3) Cassandra restarted with new configuration (new data/cache/commit dirs, new partitioner)
4) Keyspace re-created
5) json2sstable fails after several minutes of processing:
Exception in thread "main" java.lang.OutOfMemoryError: Java heap space
at java.util.Arrays.copyOfRange(Arrays.java:2694)
at java.lang.String.<init>(String.java:203)
at org.codehaus.jackson.util.TextBuffer.contentsAsString(TextBuffer.java:350)
at org.codehaus.jackson.impl.Utf8StreamParser.getText(Utf8StreamParser.java:278)
at org.codehaus.jackson.map.deser.std.UntypedObjectDeserializer.deserialize(UntypedObjectDeserializer.java:59)

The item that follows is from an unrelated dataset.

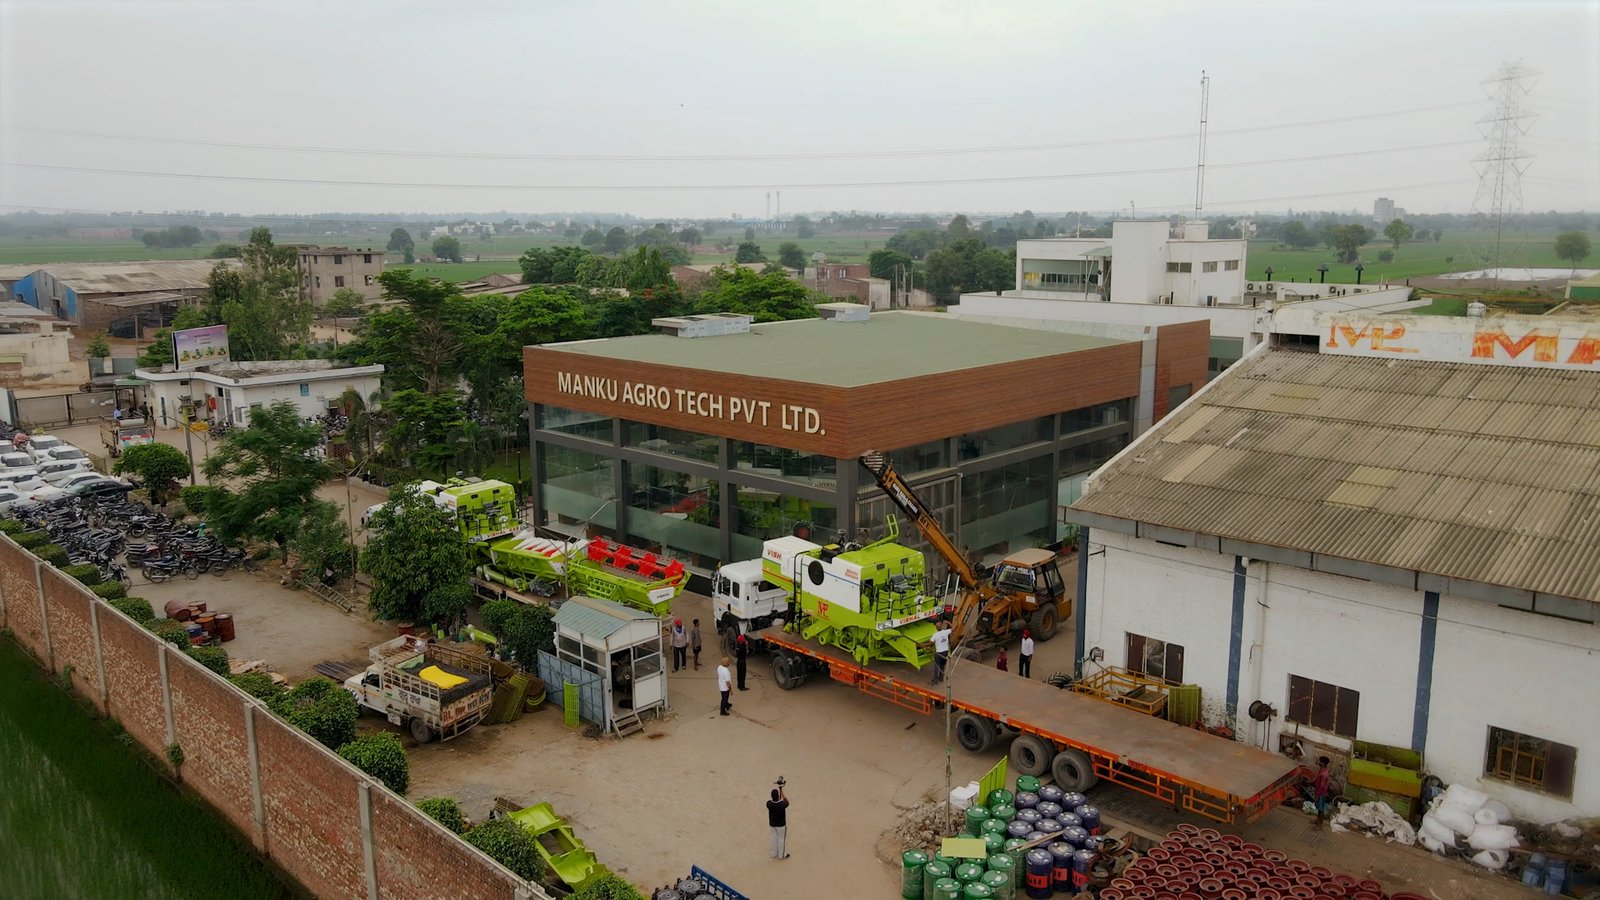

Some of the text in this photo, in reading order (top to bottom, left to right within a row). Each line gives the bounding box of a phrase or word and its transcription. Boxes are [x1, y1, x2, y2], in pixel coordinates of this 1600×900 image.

[558, 371, 827, 435] MANKU AGRO TECH PVT LTD.
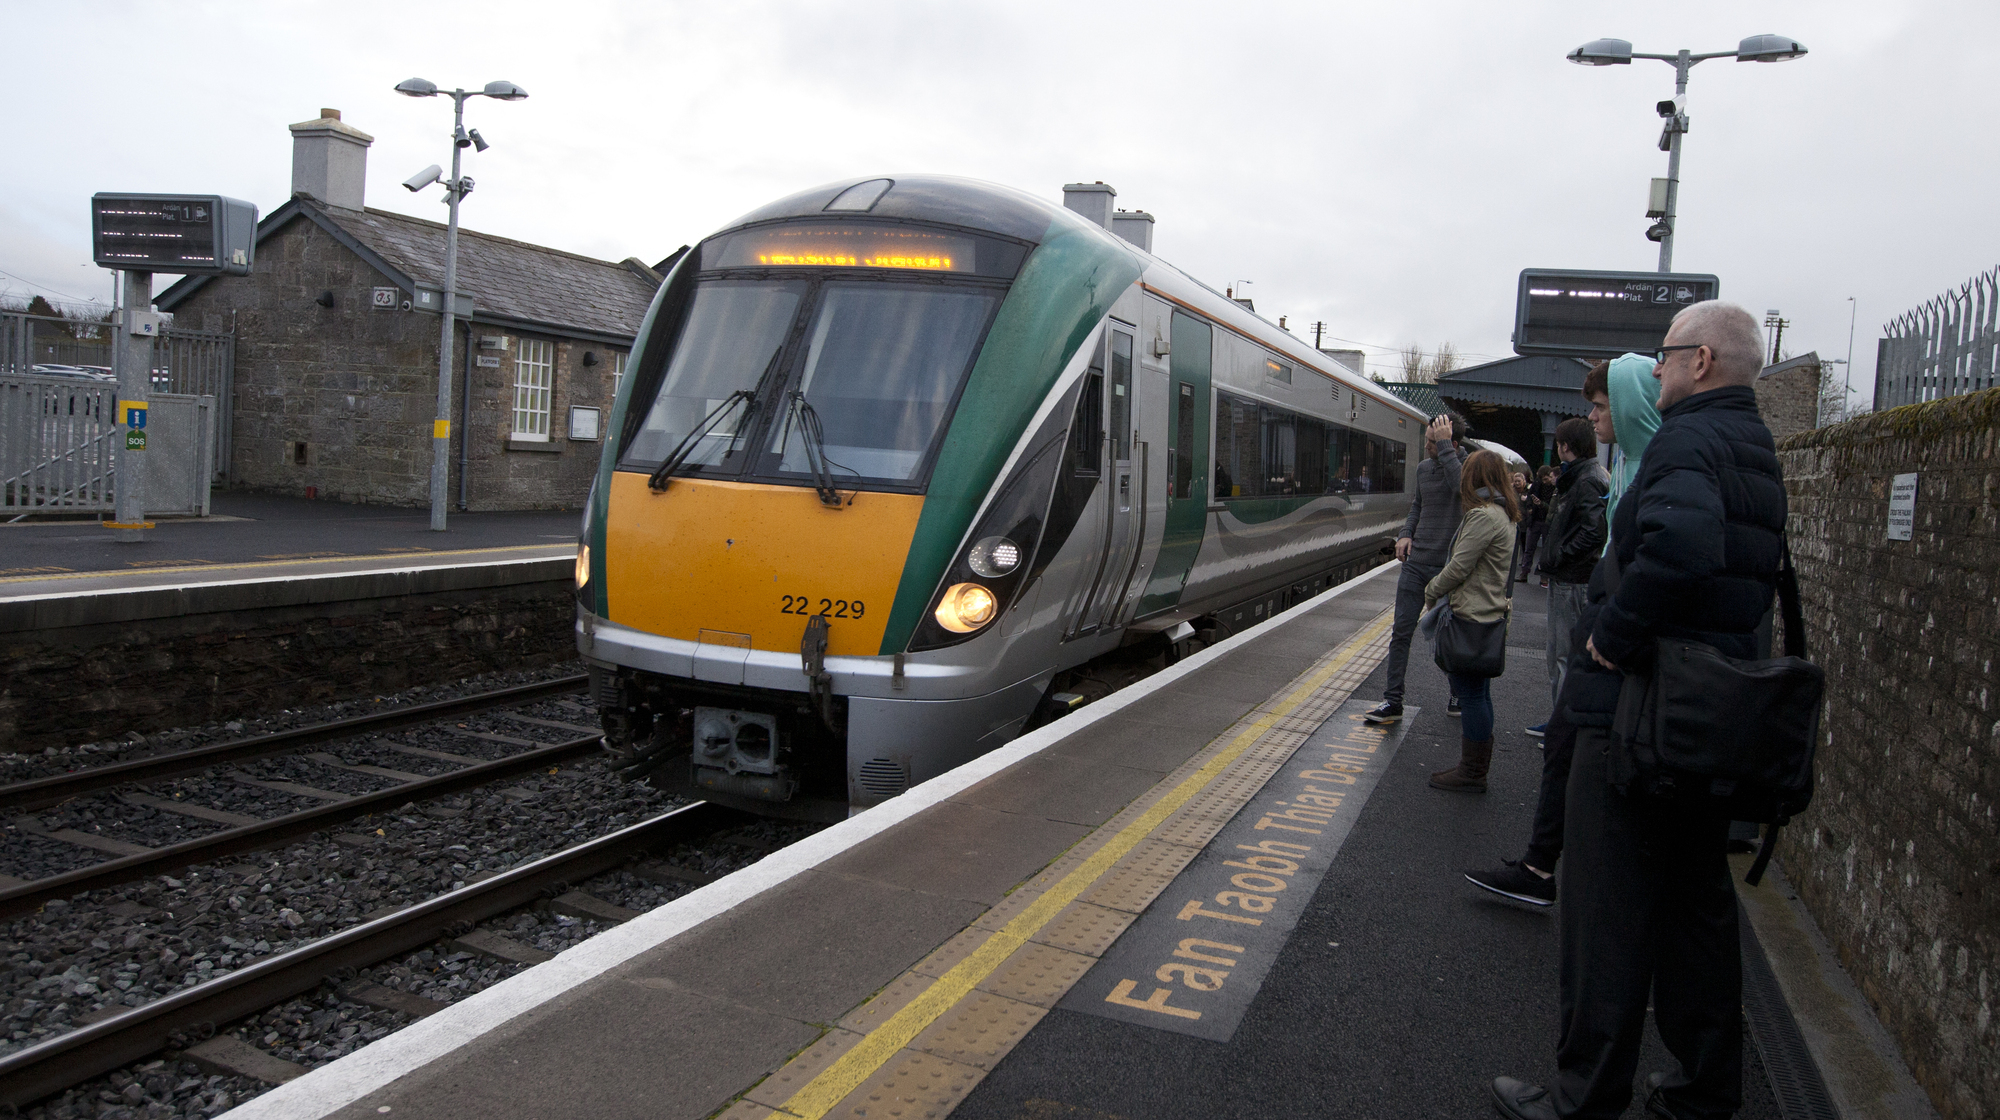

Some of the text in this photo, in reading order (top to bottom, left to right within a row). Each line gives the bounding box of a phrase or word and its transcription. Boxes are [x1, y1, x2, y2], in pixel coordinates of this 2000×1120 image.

at org.codehaus.jackson.map.deser.std.UntypedObjectDeserializer.mapArray(UntypedObjectDeserializer.java:165)
at org.codehaus.jackson.map.deser.std.UntypedObjectDeserializer.deserialize(UntypedObjectDeserializer.java:51)
at org.codehaus.jackson.map.deser.std.UntypedObjectDeserializer.mapArray(UntypedObjectDeserializer.java:165)
at org.codehaus.jackson.map.deser.std.UntypedObjectDeserializer.deserialize(UntypedObjectDeserializer.java:51)
at org.codehaus.jackson.map.deser.std.UntypedObjectDeserializer.mapObject(UntypedObjectDeserializer.java:204)
at org.codehaus.jackson.map.deser.std.UntypedObjectDeserializer.deserialize(UntypedObjectDeserializer.java:47)
at org.codehaus.jackson.map.deser.std.ObjectArrayDeserializer.deserialize(ObjectArrayDeserializer.java:104)
at org.codehaus.jackson.map.deser.std.ObjectArrayDeserializer.deserialize(ObjectArrayDeserializer.java:18)
at org.codehaus.jackson.map.ObjectMapper._readValue(ObjectMapper.java:2695)
at org.codehaus.jackson.map.ObjectMapper.readValue(ObjectMapper.java:1294)
at org.codehaus.jackson.JsonParser.readValueAs(JsonParser.java:1368)
at org.apache.cassandra.tools.SSTableImport.importUnsorted(SSTableImport.java:344)
at org.apache.cassandra.tools.SSTableImport.importJson(SSTableImport.java:328)
at org.apache.cassandra.tools.SSTableImport.main(SSTableImport.java:547)
From json2sstable source code, the tool loads all the records from json file into memory and sorts records by keys:
private int importUnsorted(String jsonFile, ColumnFamily columnFamily, String ssTablePath, IPartitioner<?> partitioner) throws IOException
{
int importedKeys = 0;
long start = System.currentTimeMillis();
JsonParser parser = getParser(jsonFile);
Object[] data = parser.readValueAs(new TypeReference<Object[]>(){});
keyCountToImport = (keyCountToImport == null) ? data.length : keyCountToImport;
SSTableWriter writer = new SSTableWriter(ssTablePath, keyCountToImport);
System.out.printf("Importing %s keys...%n", keyCountToImport);
// sort by dk representation, but hold onto the hex version
SortedMap<DecoratedKey,Map<?, ?>> decoratedKeys = new TreeMap<DecoratedKey,Map<?, ?>>();
for (Object row : data)
{
Map<?,?> rowAsMap = (Map<?, ?>)row;
decoratedKeys.put(partitioner.decorateKey( hexToBytes((String)rowAsMap.get("key"))), rowAsMap);
....
According to Jonathan Elis' comment in CASSANDRA-2322 issue the behavior is by design.
Thus json2sstable is not very well suited for importing production size data to Cassandra. The tool is likely to crash on large datasets.